__Annotated photo localization data__.
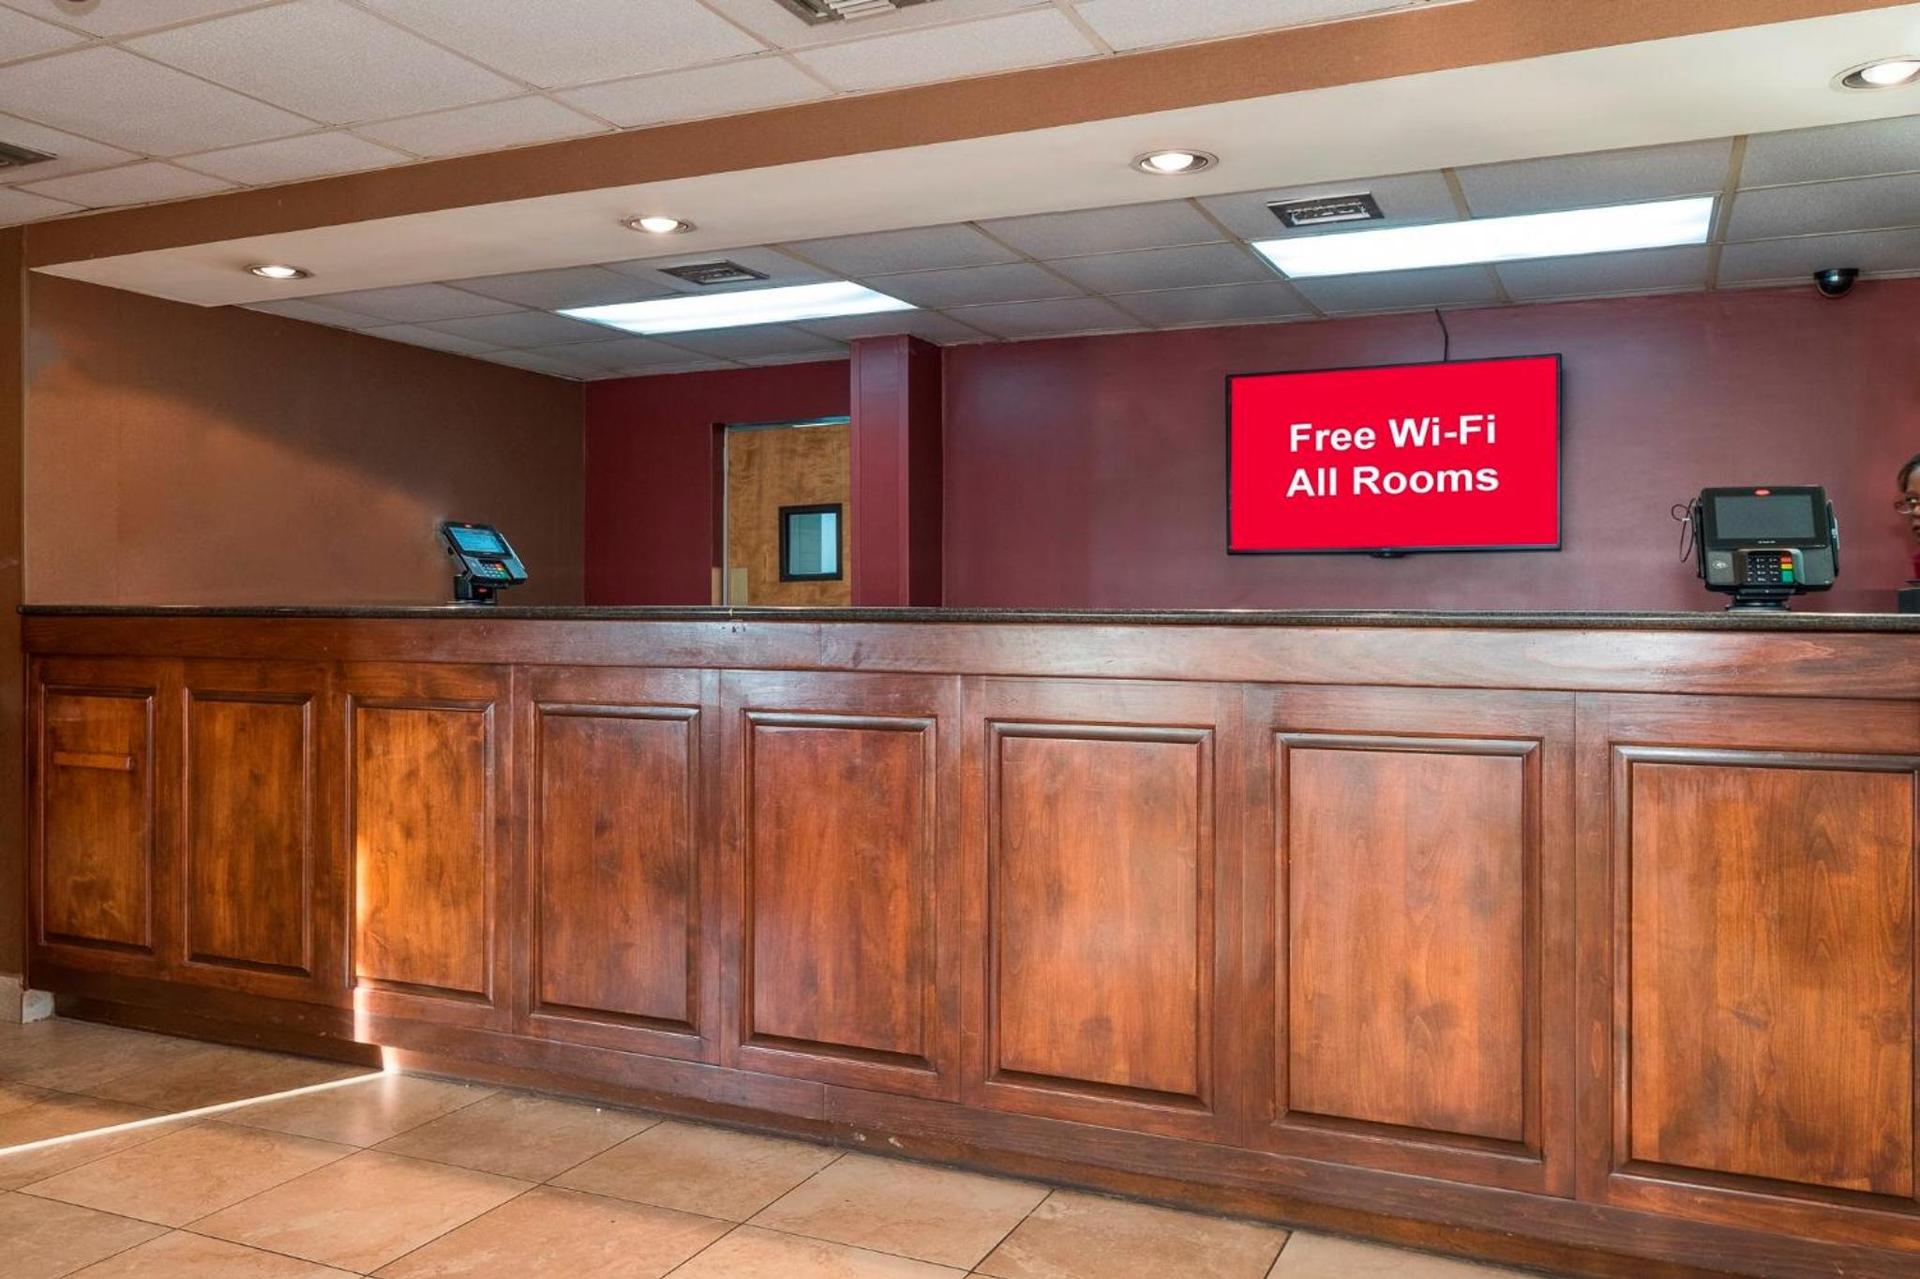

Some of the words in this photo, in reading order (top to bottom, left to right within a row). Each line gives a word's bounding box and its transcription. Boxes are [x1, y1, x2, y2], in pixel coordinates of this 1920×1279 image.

[1290, 423, 1376, 453] Free
[1388, 414, 1496, 448] Wi-Fi
[1286, 467, 1337, 497] All
[1353, 465, 1499, 495] Rooms
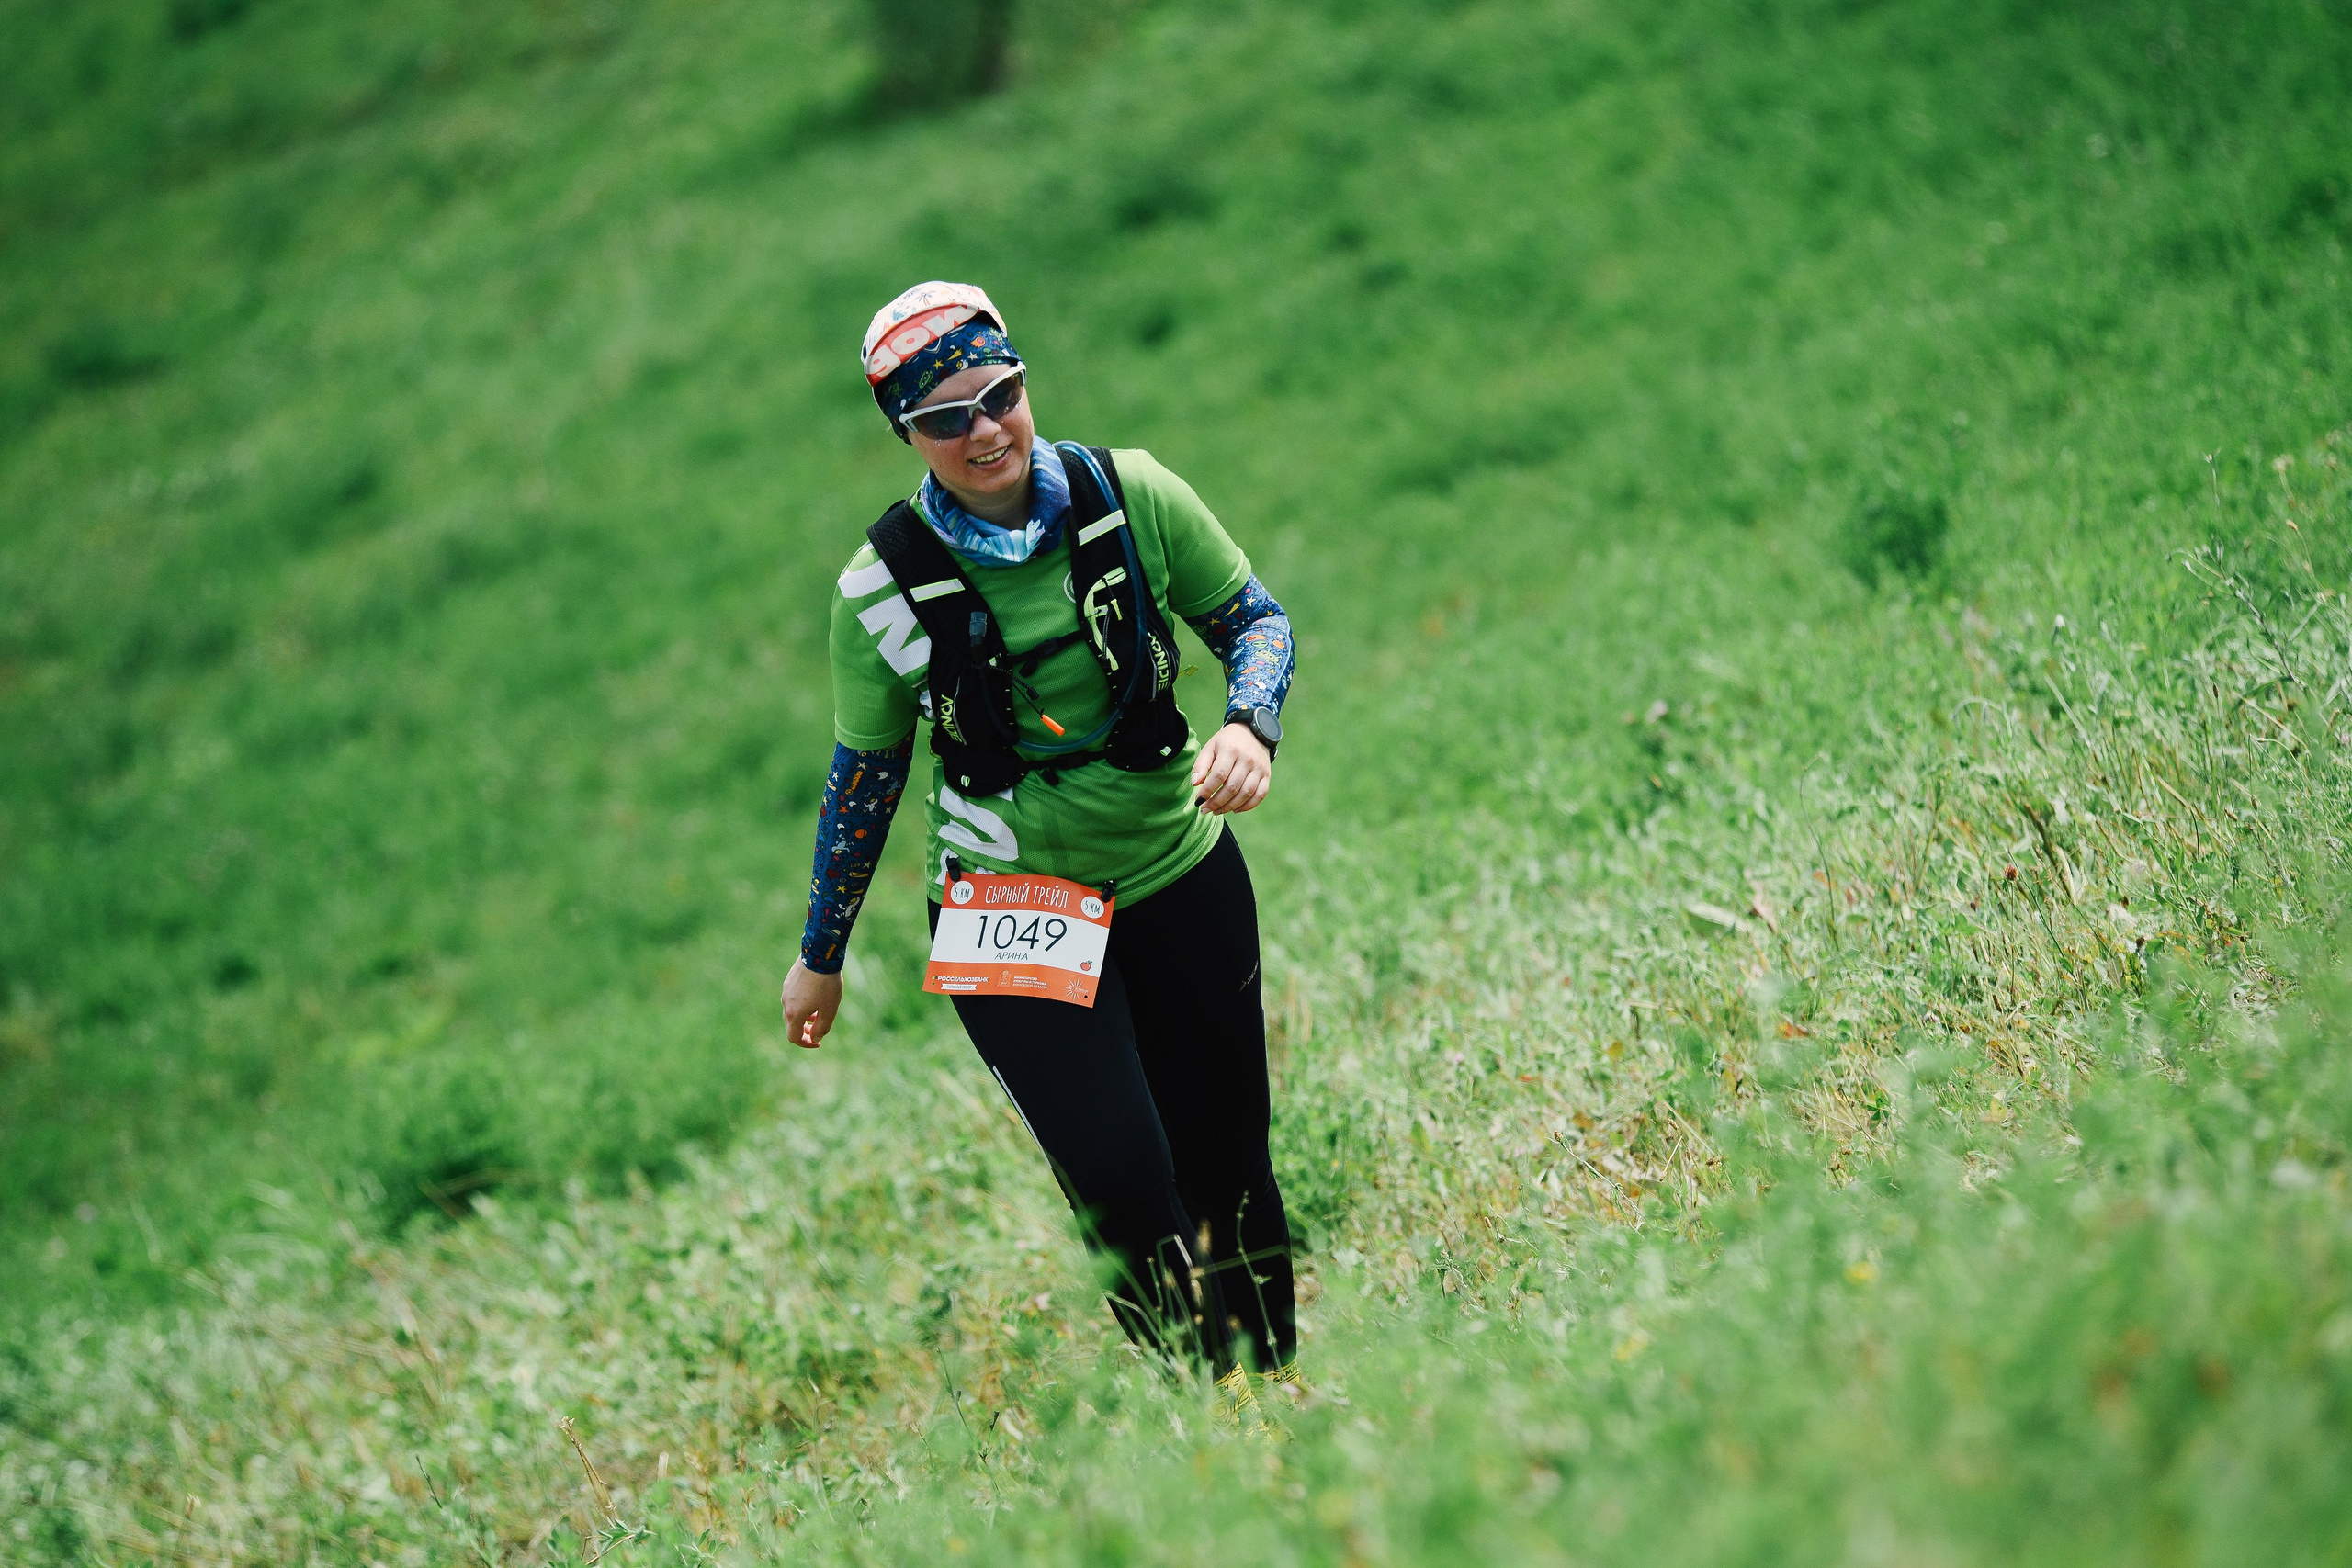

__TO DO__. Skip the pictures and give the entries above again word for word.

__EXERCISE RESULT__.
Some of the words in this photo, in reading order (top to bottom, left to right within a row). Each line gives a word's bounding box and its transcription. Boxes are [x1, y1, x2, y2], in pixel coordinates of this 1920×1279 image.

[1290, 423, 1376, 453] Free
[1388, 414, 1496, 448] Wi-Fi
[1286, 467, 1337, 497] All
[1353, 465, 1499, 495] Rooms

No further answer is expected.